Remove camera, timestamp, and GPS metadata before sharing photos. Explains how EXIF lives inside JPEG / PNG and how to wipe it in the browser with no upload.

EXIF often leaks more than the picture itself

A single JPEG taken on a phone quietly carries a record of when, where, and with what it was shot. EXIF stores the capture time down to the second, GPS latitude/longitude/altitude/heading, the device model (iPhone 15 Pro, Pixel 8, Sony A7 IV), lens focal length, shutter speed, ISO, white balance, and sometimes the camera body’s serial number. Social posts, marketplace listings, blog headers, profile pictures on hiring sites — none of these have that information in the body text, yet it sits inside the first few kilobytes of every image file.

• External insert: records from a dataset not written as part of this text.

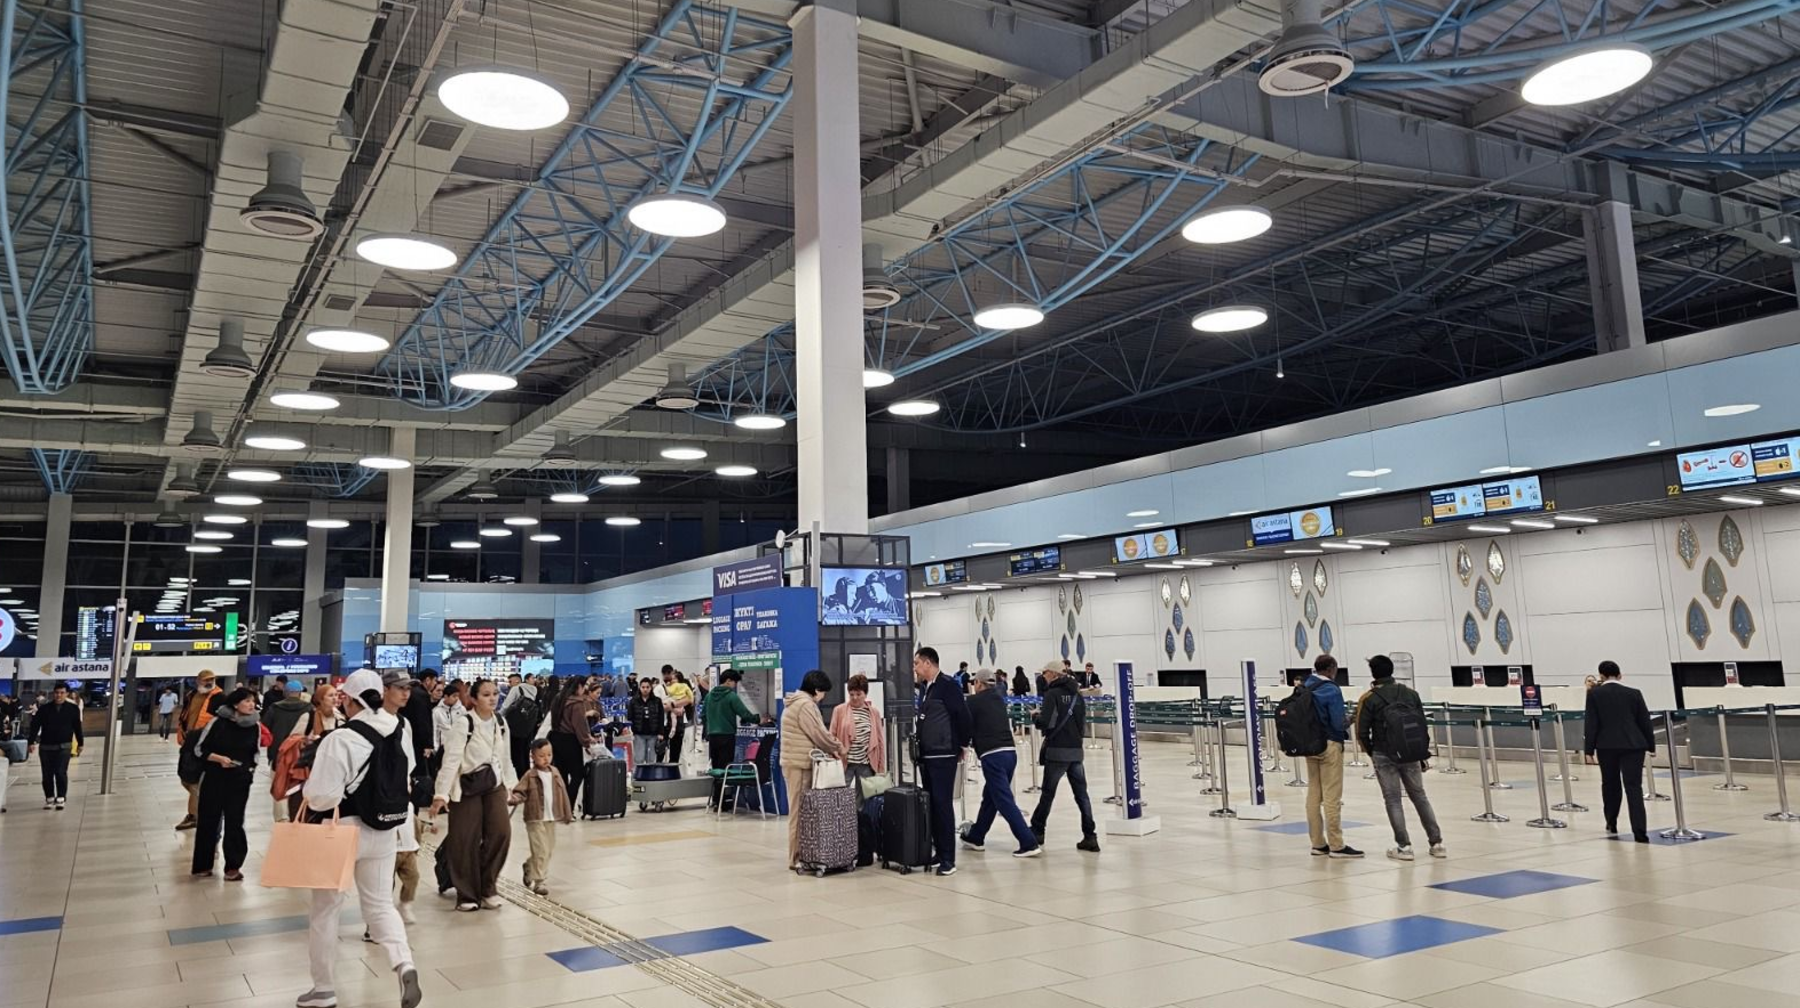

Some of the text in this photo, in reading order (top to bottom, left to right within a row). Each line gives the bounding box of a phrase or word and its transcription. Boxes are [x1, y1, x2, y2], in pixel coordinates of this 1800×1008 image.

[1667, 485, 1680, 495] 22
[1545, 500, 1555, 510] 21
[1423, 516, 1432, 525] 20
[717, 570, 737, 589] VISA
[54, 663, 109, 672] air astana
[1126, 669, 1140, 790] BAGGAGE DROP-OFF
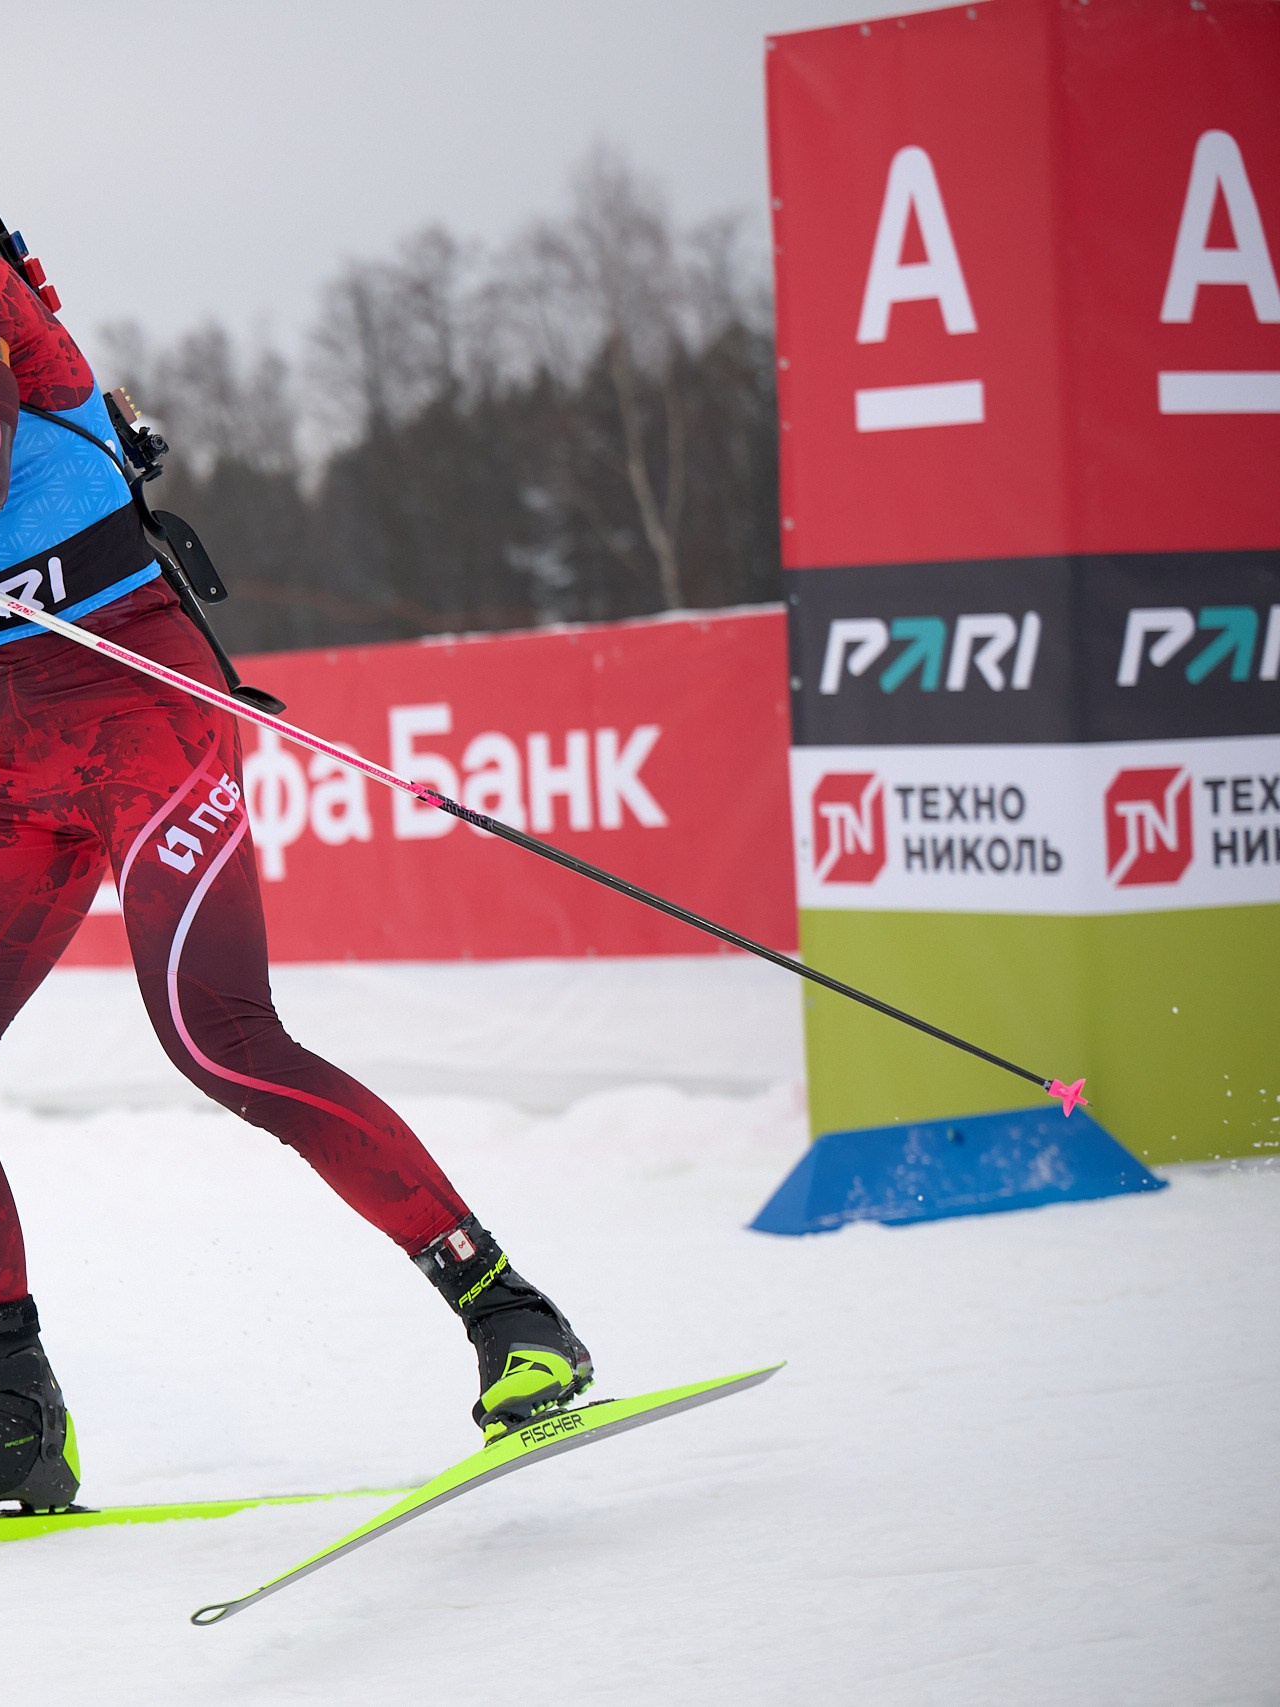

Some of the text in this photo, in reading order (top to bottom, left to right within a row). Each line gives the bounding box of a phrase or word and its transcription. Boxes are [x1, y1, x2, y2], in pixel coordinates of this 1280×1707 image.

[819, 610, 1042, 696] PARI
[188, 773, 241, 835] ПСБ
[241, 702, 669, 881] фа Банк
[894, 785, 1026, 822] ТЕХНО
[1203, 775, 1280, 815] ТЕХ
[904, 836, 1063, 874] НИКОЛЬ
[1213, 827, 1280, 867] НИ
[458, 1252, 508, 1309] FISCHER
[520, 1413, 586, 1448] FISCHER

The risk is that only the invisible layer leaks. Post a cat photo from your living room with GPS intact and six decimal places of latitude pin down the front door in seconds. A watch review photo carrying the model and serial number becomes ready-made material for forged warranty cards. A burst of pictures with consecutive timestamps reveals a movement pattern and how long you stayed where. “Sharing an image” doubles as “copying the entire context the image was taken in”.

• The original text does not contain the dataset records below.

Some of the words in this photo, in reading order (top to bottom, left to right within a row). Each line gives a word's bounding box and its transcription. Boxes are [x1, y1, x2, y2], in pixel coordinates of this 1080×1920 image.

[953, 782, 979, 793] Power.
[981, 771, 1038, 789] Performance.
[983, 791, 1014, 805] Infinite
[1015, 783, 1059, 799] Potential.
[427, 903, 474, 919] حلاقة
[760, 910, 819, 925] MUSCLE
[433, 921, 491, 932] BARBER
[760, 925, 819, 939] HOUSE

The browser-only flow for stripping EXIF

To wipe the metadata in bulk, open image-exif-strip and drag JPEG, PNG, or WebP files onto the page. You can drop multiple files at once; each one lists the metadata blocks it found before you choose to remove them, and the cleaned versions can be downloaded individually or as a single ZIP. For JPEG the tool edits the byte stream of the APP1 segment directly rather than re-encoding the pixels, so the visual quality of the output is bit-exact identical to the input.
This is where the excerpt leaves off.